アイ様がお訪ねになられた薬屋にも伺いましたが、店を出たきり姿は見かけていないとのことです。
ですが、気になる証言がーー」
兵士の話によるとこうだ。
町が炎に包まれるのと同じくして、町で複数のリト族を見かけたとの証言が挙がっているそうだ。
リト族は主に常駐兵を攻撃していた模様で、今回の火災との関係性については現在調査中であるとのこと。
「では、引き続き捜索に向かいます」
再び敬礼し、駆け足で去って行った兵を見送ったゼルダは、知らせによりアイの生死について有力な情報が得られることはなく、未だ消息がわからぬ現状により不安感を募らせた。しかしその一方で、一つの疑念が生じたのである。

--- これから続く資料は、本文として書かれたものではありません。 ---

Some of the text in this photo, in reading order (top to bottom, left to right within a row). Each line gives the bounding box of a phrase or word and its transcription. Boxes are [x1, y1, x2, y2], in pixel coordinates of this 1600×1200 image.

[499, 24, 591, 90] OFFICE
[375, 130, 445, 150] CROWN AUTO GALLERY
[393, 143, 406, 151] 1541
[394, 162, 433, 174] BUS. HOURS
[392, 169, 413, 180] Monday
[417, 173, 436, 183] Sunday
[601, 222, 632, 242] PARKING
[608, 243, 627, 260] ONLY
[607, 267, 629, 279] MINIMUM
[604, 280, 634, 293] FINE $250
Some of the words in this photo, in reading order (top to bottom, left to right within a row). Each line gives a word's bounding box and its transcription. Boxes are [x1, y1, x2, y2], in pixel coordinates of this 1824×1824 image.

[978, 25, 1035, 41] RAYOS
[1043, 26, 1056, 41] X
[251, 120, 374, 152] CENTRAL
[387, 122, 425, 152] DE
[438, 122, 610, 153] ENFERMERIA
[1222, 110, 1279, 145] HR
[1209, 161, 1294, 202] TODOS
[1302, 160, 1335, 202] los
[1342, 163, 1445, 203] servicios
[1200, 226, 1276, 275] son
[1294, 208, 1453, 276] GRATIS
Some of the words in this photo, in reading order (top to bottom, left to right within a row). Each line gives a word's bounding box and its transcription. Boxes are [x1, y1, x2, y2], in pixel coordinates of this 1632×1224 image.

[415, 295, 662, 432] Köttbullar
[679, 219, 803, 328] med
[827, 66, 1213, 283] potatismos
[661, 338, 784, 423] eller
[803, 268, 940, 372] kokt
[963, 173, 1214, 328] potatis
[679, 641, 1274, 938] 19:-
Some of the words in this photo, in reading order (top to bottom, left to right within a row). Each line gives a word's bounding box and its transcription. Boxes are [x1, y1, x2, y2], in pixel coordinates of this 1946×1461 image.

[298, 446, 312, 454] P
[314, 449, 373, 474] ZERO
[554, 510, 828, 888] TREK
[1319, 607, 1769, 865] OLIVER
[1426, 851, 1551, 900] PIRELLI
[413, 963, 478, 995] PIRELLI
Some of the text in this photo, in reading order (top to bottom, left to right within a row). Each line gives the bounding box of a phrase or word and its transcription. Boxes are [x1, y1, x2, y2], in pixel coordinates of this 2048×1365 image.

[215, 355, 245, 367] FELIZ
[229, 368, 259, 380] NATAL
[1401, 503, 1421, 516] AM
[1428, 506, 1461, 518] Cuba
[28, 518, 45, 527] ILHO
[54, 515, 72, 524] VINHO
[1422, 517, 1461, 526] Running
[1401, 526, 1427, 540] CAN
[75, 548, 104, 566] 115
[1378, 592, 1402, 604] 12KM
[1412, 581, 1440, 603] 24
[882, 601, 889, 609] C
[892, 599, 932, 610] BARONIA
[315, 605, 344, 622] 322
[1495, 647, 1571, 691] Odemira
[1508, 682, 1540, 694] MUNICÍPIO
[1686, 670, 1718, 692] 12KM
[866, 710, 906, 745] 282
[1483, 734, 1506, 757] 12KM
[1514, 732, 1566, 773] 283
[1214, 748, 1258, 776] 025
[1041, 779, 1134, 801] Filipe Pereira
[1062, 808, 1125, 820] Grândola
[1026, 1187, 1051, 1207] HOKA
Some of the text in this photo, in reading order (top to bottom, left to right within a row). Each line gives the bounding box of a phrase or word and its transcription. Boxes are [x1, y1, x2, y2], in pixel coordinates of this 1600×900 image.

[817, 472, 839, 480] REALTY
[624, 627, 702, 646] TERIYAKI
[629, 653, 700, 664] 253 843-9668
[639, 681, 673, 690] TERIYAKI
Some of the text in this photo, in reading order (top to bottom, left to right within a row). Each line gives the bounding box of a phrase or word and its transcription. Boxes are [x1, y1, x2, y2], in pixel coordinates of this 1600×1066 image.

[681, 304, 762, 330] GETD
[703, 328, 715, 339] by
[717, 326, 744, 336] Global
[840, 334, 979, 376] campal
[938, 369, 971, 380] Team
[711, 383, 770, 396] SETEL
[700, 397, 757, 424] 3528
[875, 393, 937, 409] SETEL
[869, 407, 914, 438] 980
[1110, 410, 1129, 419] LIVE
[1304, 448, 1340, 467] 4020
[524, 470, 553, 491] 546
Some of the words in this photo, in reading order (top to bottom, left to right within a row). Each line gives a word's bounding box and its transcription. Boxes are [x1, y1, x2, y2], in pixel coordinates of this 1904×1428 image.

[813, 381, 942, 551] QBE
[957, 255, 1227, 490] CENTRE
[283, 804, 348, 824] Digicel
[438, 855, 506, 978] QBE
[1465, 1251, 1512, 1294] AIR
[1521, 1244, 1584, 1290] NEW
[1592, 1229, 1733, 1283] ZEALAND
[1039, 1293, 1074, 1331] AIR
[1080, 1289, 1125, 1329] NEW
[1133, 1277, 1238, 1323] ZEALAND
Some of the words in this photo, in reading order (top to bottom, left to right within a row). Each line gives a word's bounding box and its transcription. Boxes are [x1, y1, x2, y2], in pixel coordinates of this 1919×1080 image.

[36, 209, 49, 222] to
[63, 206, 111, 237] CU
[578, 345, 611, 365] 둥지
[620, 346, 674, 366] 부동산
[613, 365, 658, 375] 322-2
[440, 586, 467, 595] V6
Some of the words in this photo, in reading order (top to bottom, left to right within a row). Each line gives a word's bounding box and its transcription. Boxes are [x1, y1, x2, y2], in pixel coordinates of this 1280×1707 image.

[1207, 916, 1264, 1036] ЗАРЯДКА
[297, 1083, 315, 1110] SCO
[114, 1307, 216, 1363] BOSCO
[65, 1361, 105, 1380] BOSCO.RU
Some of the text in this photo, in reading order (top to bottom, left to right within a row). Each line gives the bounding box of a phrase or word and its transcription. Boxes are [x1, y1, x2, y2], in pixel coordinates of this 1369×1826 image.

ゼルダは王の命により、各地の集落と親交を深めるべく表敬訪問に赴いていた。リトの村も例外ではなく、近日訪れることになっており、出発の手筈を整えていたところだったのだ。
無論、突然の訪問とならぬように、事前に訪問する旨を伝えるべく使いの者を向かわせた。今日明日には戻るころだと思っていたが、その者もまだ帰還していない。
道中その者に何か不幸なことがあり、リトの村には何も情報が伝わっていないのでは……?
それにしても、なぜリト族は突然城下町を襲ったのだろう。
少数民族で男は弓の扱いに長けているそうだが、決して野蛮ではなく、長閑な生活を営んでいると耳にしている。
あの辺りは積雪地帯で脂乗りの良い動物が多い。弓に長けているならば、狩りに困っているとも食糧難とも考えにくい。
そんな端的な理由だけがすべてではないだろうが、少数民族の者が大勢の兵を構える大国を狙って何の得があるというのだろう。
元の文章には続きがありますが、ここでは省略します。